Age-related macular degeneration (AMD) is the leading cause of irreversible vision loss among the elderly in developed countries, manifesting in two primary forms: neovascular (wet) AMD and non-neovascular (dry) AMD. Current treatments, such as anti-VEGF therapy, offer limited efficacy, particularly for dry AMD, highlighting the urgent need for alternative strategies. Advancements in contemporary treatment strategies for these eye conditions are a pressing medical concern. Stem cell-based therapies have emerged as a promising approach for retinal regeneration due to their capacity for self-renewal and differentiation into retinal cell types, including retinal pigment epithelial (RPE) cells and photoreceptors, two key cell populations damaged in AMD. Among the various sources, pluripotent stem cells such as human embryonic stem cells (hESCs) and induced pluripotent stem cells (iPSCs) show significant potential in generating functional RPE cells and restoring retinal architecture and function. Preclinical and early clinical studies have demonstrated promising outcomes, including improved visual acuity and anatomical integration. However, challenges such as immune rejection, tumorigenicity, limited long-term integration, and ethical concerns continue to impede clinical translation. This review critically evaluates current stem cell-based therapeutic strategies for AMD, including advances in mesenchymal stem cells, retinal organoids, and combinatorial approaches with gene and nanotherapy.
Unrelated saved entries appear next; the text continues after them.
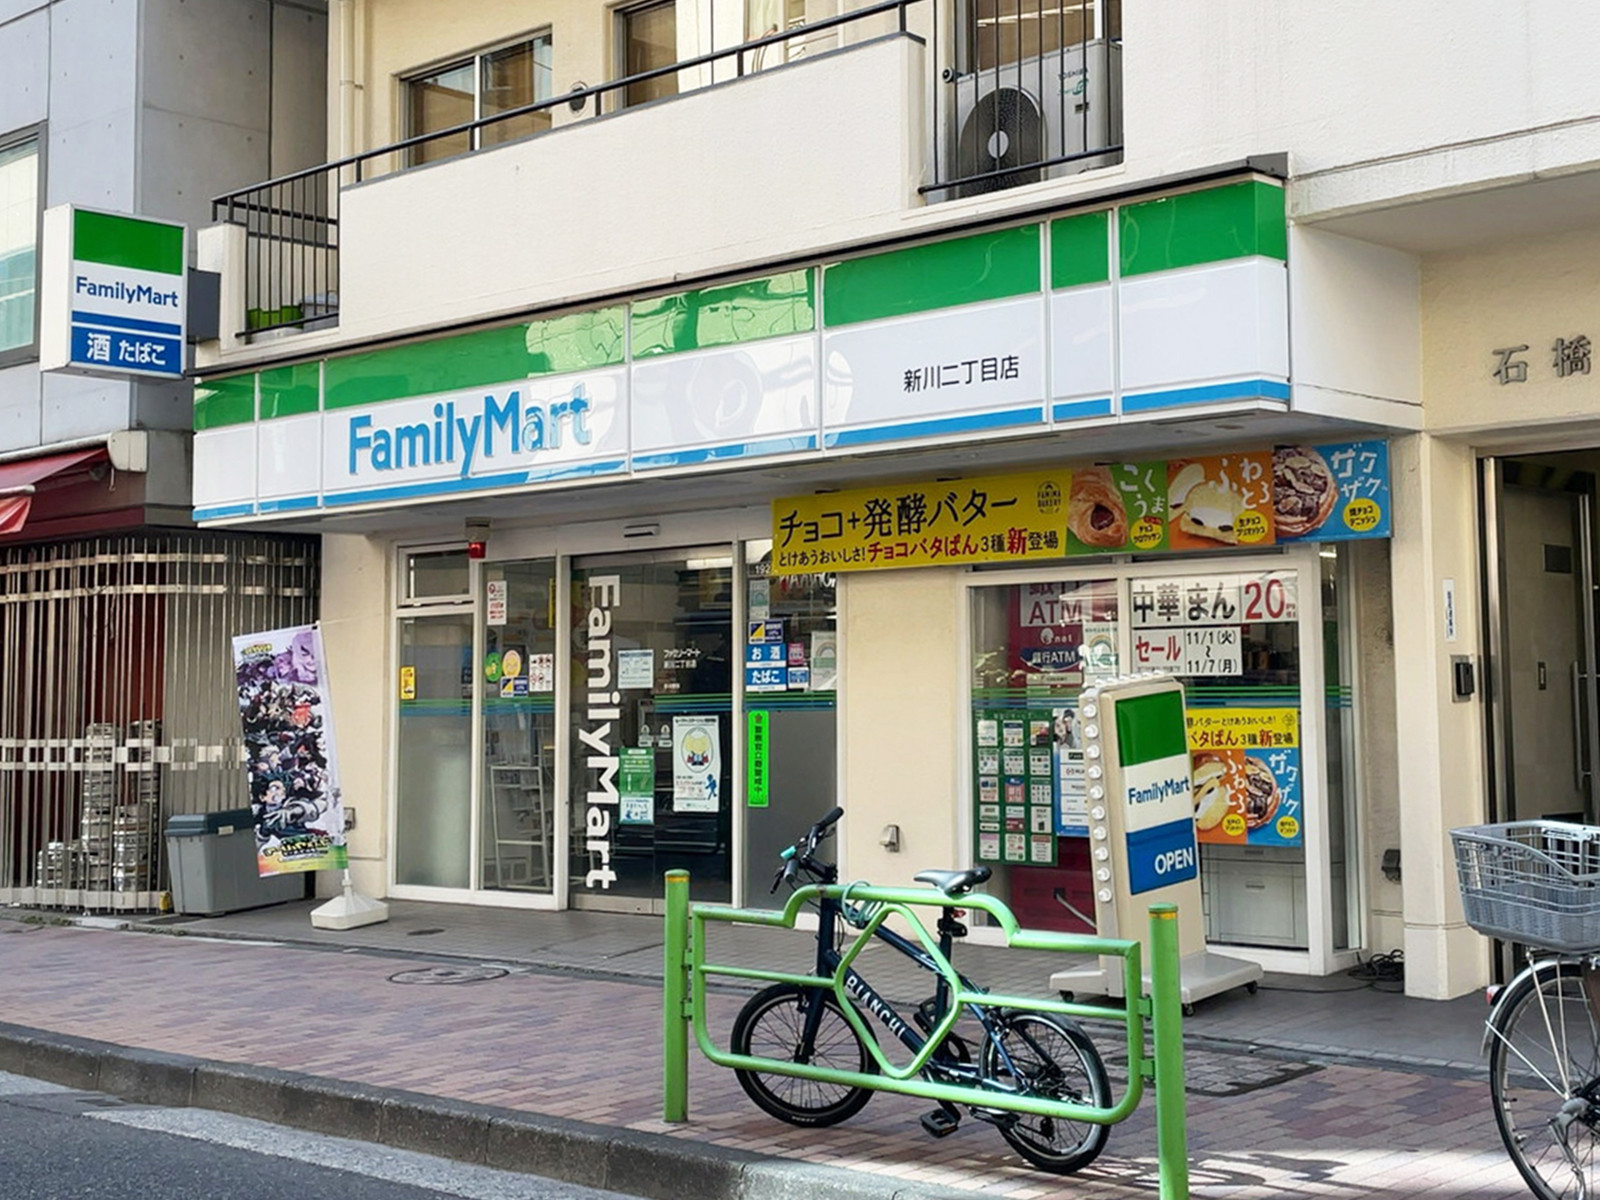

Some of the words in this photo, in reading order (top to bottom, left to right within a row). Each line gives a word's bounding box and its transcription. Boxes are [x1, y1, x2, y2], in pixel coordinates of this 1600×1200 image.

[76, 276, 178, 307] FamilyMart
[87, 332, 111, 362] 酒
[119, 339, 165, 365] たばこ
[904, 355, 1019, 393] 新川二丁目店
[349, 382, 591, 478] FamilyMart
[779, 489, 1017, 547] チョコ+発酵バター
[1029, 600, 1082, 624] ATM
[1133, 583, 1236, 623] 中華まん
[1245, 579, 1285, 619] 20
[1136, 635, 1181, 662] セール
[1187, 630, 1236, 645] 11/1(火)
[752, 670, 780, 684] たばこ
[1187, 658, 1237, 673] 11/7(月)
[579, 575, 621, 889] FamilyMart
[1128, 776, 1190, 805] FamilyMart
[1154, 847, 1194, 875] OPEN
Furthermore, this review outlines the translational bottlenecks and future directions required to advance these therapies toward clinical application.

Keywords: Age-related macular degeneration; Cell replacement therapy; Clinical trials; Embryonic stem cells; Induced pluripotent stem cells; Mesenchymal stem cells; Regenerative ophthalmology; Retinal organoids; Retinal pigment epithelium; Stem cell therapy.